#### What you should do:
Reproduce the entries exactly. Omit none of them.

#### Listed records:

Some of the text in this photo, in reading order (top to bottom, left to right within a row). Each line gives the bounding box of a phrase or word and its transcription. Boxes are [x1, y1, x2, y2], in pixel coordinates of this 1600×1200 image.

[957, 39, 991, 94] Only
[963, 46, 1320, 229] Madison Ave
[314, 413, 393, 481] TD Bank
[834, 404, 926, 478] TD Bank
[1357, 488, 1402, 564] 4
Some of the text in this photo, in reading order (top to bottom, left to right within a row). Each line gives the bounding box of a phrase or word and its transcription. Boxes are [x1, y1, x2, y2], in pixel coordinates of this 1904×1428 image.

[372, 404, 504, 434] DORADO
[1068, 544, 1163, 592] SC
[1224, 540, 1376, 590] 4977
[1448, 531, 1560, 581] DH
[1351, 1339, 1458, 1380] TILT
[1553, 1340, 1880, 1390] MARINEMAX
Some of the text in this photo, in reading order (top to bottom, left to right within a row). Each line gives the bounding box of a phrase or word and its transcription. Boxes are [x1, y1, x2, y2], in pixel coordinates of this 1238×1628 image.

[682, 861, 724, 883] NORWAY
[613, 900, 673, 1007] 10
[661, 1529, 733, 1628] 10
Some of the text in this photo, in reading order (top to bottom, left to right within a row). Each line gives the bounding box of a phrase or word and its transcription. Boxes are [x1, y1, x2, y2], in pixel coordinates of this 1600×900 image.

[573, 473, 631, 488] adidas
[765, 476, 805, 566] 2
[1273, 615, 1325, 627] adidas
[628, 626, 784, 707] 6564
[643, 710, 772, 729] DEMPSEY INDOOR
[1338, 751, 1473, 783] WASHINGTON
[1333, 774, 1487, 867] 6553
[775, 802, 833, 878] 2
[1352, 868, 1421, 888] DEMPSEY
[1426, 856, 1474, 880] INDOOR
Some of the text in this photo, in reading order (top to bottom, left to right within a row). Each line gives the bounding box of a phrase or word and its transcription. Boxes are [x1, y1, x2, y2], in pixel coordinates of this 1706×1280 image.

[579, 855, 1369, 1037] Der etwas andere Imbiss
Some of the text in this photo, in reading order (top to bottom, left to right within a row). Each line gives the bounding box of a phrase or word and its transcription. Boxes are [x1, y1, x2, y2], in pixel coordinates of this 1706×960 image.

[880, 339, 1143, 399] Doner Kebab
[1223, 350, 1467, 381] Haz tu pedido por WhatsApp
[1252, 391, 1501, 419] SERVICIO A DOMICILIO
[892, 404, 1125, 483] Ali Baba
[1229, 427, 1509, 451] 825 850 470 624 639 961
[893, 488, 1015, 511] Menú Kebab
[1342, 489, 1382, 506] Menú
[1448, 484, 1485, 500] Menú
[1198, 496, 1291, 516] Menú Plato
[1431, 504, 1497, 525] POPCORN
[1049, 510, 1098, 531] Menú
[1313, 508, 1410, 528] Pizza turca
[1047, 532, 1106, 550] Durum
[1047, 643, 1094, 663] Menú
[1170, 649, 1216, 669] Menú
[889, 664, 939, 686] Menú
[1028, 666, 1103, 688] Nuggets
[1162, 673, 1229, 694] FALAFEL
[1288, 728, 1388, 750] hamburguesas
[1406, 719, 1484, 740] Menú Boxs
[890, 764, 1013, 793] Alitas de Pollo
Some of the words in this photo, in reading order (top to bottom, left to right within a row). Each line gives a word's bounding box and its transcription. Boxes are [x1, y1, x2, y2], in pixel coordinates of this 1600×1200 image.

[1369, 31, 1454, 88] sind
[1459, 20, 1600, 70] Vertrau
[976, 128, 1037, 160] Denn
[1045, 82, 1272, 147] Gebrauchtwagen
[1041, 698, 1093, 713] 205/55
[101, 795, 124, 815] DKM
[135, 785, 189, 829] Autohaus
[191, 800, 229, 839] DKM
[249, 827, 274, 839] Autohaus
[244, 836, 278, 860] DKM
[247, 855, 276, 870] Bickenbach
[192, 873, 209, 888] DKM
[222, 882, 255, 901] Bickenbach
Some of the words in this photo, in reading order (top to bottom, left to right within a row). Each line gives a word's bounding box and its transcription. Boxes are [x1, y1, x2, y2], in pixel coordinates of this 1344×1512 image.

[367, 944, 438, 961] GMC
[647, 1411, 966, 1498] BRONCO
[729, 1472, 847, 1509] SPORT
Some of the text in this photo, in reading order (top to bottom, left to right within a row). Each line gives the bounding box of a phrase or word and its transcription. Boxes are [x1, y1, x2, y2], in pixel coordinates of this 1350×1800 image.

#### Task output:
Some of the text in this photo, in reading order (top to bottom, left to right within a row). Each line gives the bounding box of a phrase or word and its transcription. Boxes are [x1, y1, x2, y2], in pixel coordinates of this 1600×1200 image.

[957, 39, 991, 94] Only
[963, 46, 1320, 229] Madison Ave
[314, 413, 393, 481] TD Bank
[834, 404, 926, 478] TD Bank
[1357, 488, 1402, 564] 4
Some of the text in this photo, in reading order (top to bottom, left to right within a row). Each line gives the bounding box of a phrase or word and its transcription. Boxes are [x1, y1, x2, y2], in pixel coordinates of this 1904×1428 image.

[372, 404, 504, 434] DORADO
[1068, 544, 1163, 592] SC
[1224, 540, 1376, 590] 4977
[1448, 531, 1560, 581] DH
[1351, 1339, 1458, 1380] TILT
[1553, 1340, 1880, 1390] MARINEMAX
Some of the text in this photo, in reading order (top to bottom, left to right within a row). Each line gives the bounding box of a phrase or word and its transcription. Boxes are [x1, y1, x2, y2], in pixel coordinates of this 1238×1628 image.

[682, 861, 724, 883] NORWAY
[613, 900, 673, 1007] 10
[661, 1529, 733, 1628] 10
Some of the text in this photo, in reading order (top to bottom, left to right within a row). Each line gives the bounding box of a phrase or word and its transcription. Boxes are [x1, y1, x2, y2], in pixel coordinates of this 1600×900 image.

[573, 473, 631, 488] adidas
[765, 476, 805, 566] 2
[1273, 615, 1325, 627] adidas
[628, 626, 784, 707] 6564
[643, 710, 772, 729] DEMPSEY INDOOR
[1338, 751, 1473, 783] WASHINGTON
[1333, 774, 1487, 867] 6553
[775, 802, 833, 878] 2
[1352, 868, 1421, 888] DEMPSEY
[1426, 856, 1474, 880] INDOOR
Some of the text in this photo, in reading order (top to bottom, left to right within a row). Each line gives the bounding box of a phrase or word and its transcription. Boxes are [x1, y1, x2, y2], in pixel coordinates of this 1706×1280 image.

[579, 855, 1369, 1037] Der etwas andere Imbiss
Some of the text in this photo, in reading order (top to bottom, left to right within a row). Each line gives the bounding box of a phrase or word and its transcription. Boxes are [x1, y1, x2, y2], in pixel coordinates of this 1706×960 image.

[880, 339, 1143, 399] Doner Kebab
[1223, 350, 1467, 381] Haz tu pedido por WhatsApp
[1252, 391, 1501, 419] SERVICIO A DOMICILIO
[892, 404, 1125, 483] Ali Baba
[1229, 427, 1509, 451] 825 850 470 624 639 961
[893, 488, 1015, 511] Menú Kebab
[1342, 489, 1382, 506] Menú
[1448, 484, 1485, 500] Menú
[1198, 496, 1291, 516] Menú Plato
[1431, 504, 1497, 525] POPCORN
[1049, 510, 1098, 531] Menú
[1313, 508, 1410, 528] Pizza turca
[1047, 532, 1106, 550] Durum
[1047, 643, 1094, 663] Menú
[1170, 649, 1216, 669] Menú
[889, 664, 939, 686] Menú
[1028, 666, 1103, 688] Nuggets
[1162, 673, 1229, 694] FALAFEL
[1288, 728, 1388, 750] hamburguesas
[1406, 719, 1484, 740] Menú Boxs
[890, 764, 1013, 793] Alitas de Pollo
Some of the words in this photo, in reading order (top to bottom, left to right within a row). Each line gives a word's bounding box and its transcription. Boxes are [x1, y1, x2, y2], in pixel coordinates of this 1600×1200 image.

[1369, 31, 1454, 88] sind
[1459, 20, 1600, 70] Vertrau
[976, 128, 1037, 160] Denn
[1045, 82, 1272, 147] Gebrauchtwagen
[1041, 698, 1093, 713] 205/55
[101, 795, 124, 815] DKM
[135, 785, 189, 829] Autohaus
[191, 800, 229, 839] DKM
[249, 827, 274, 839] Autohaus
[244, 836, 278, 860] DKM
[247, 855, 276, 870] Bickenbach
[192, 873, 209, 888] DKM
[222, 882, 255, 901] Bickenbach
Some of the words in this photo, in reading order (top to bottom, left to right within a row). Each line gives a word's bounding box and its transcription. Boxes are [x1, y1, x2, y2], in pixel coordinates of this 1344×1512 image.

[367, 944, 438, 961] GMC
[647, 1411, 966, 1498] BRONCO
[729, 1472, 847, 1509] SPORT
Some of the text in this photo, in reading order (top to bottom, left to right within a row). Each line gives the bounding box of a phrase or word and its transcription. Boxes are [x1, y1, x2, y2], in pixel coordinates of this 1350×1800 image.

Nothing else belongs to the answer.